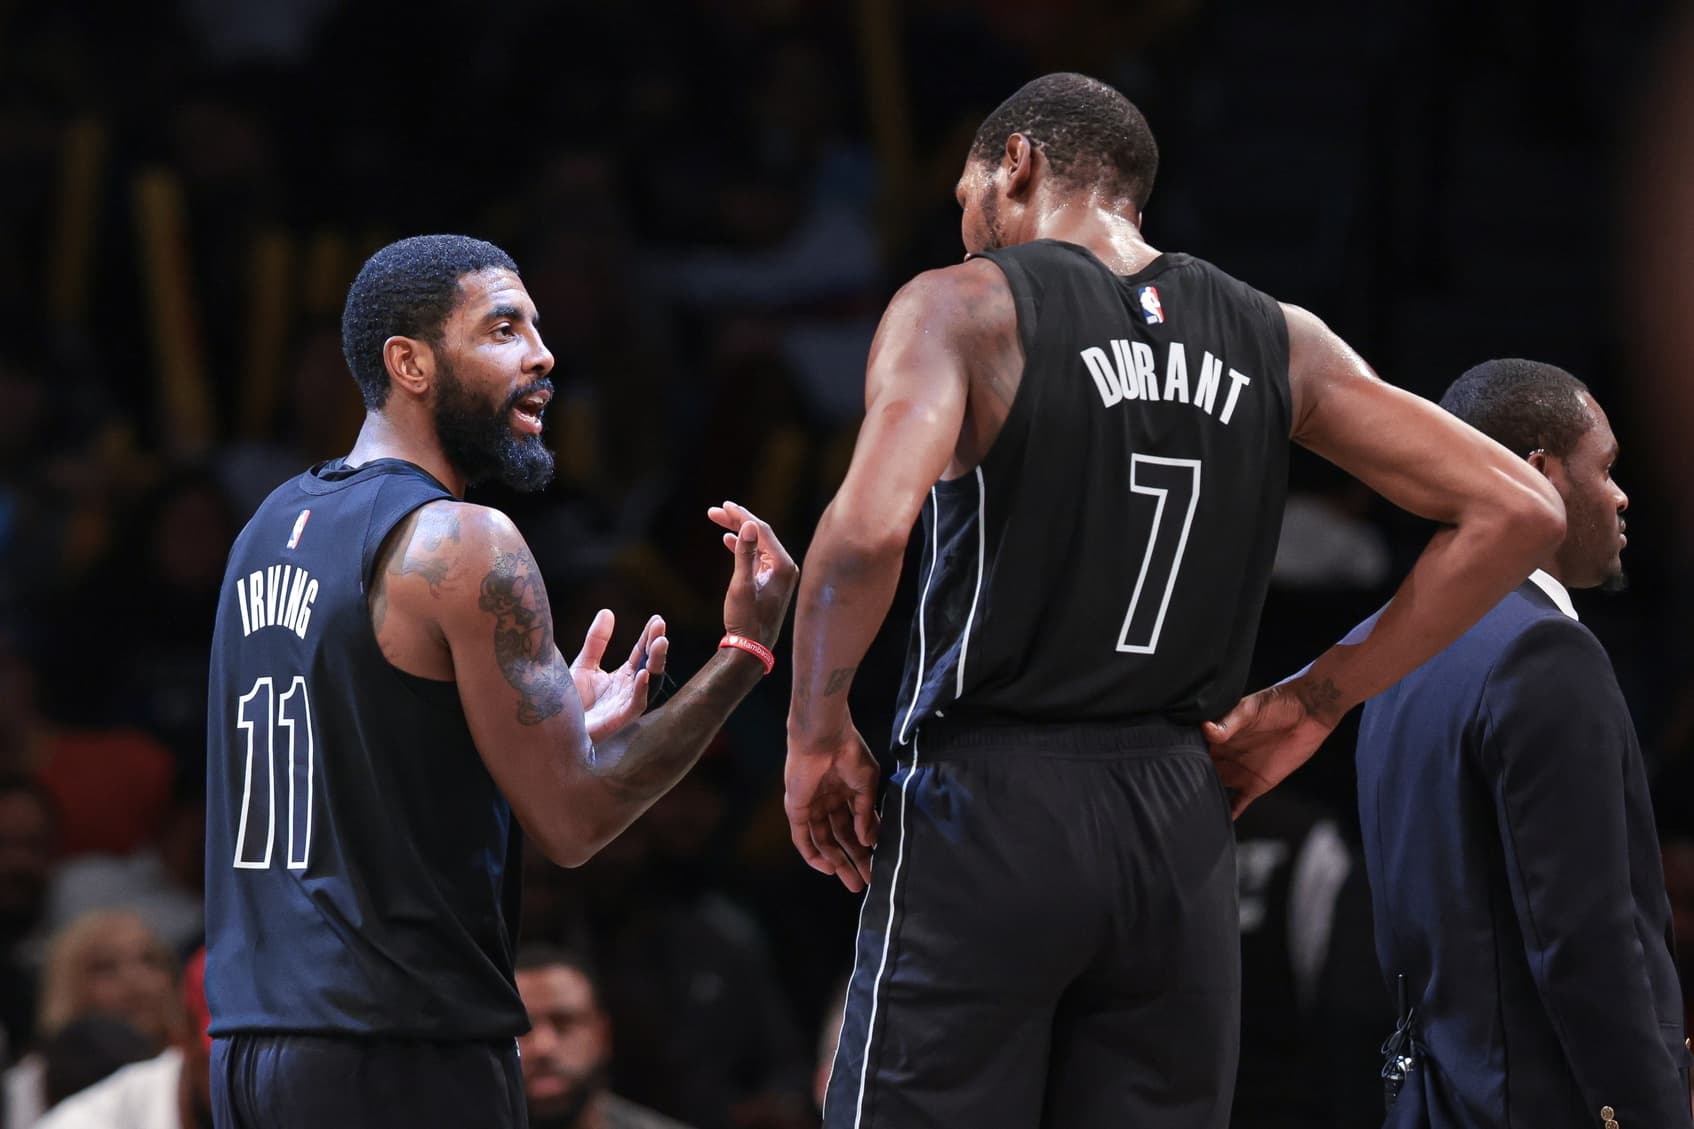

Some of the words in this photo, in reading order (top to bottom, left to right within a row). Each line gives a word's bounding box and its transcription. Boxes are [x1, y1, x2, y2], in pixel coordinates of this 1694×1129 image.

[1080, 339, 1250, 425] DURANT
[236, 564, 319, 640] IRVING
[1115, 453, 1201, 655] 7
[233, 676, 314, 870] 11
-=-=-
* _Your objective_:
Word-for-word transcription: the whole listing, with images excluded.

* _Solution to this problem_:
Some of the words in this photo, in reading order (top to bottom, left to right within a row). Each line gives a word's bounding box and its transcription. Boxes are [x1, y1, x2, y2], in pixel coordinates of this 1694×1129 image.

[1080, 339, 1250, 425] DURANT
[236, 564, 319, 640] IRVING
[1115, 453, 1201, 655] 7
[233, 676, 314, 870] 11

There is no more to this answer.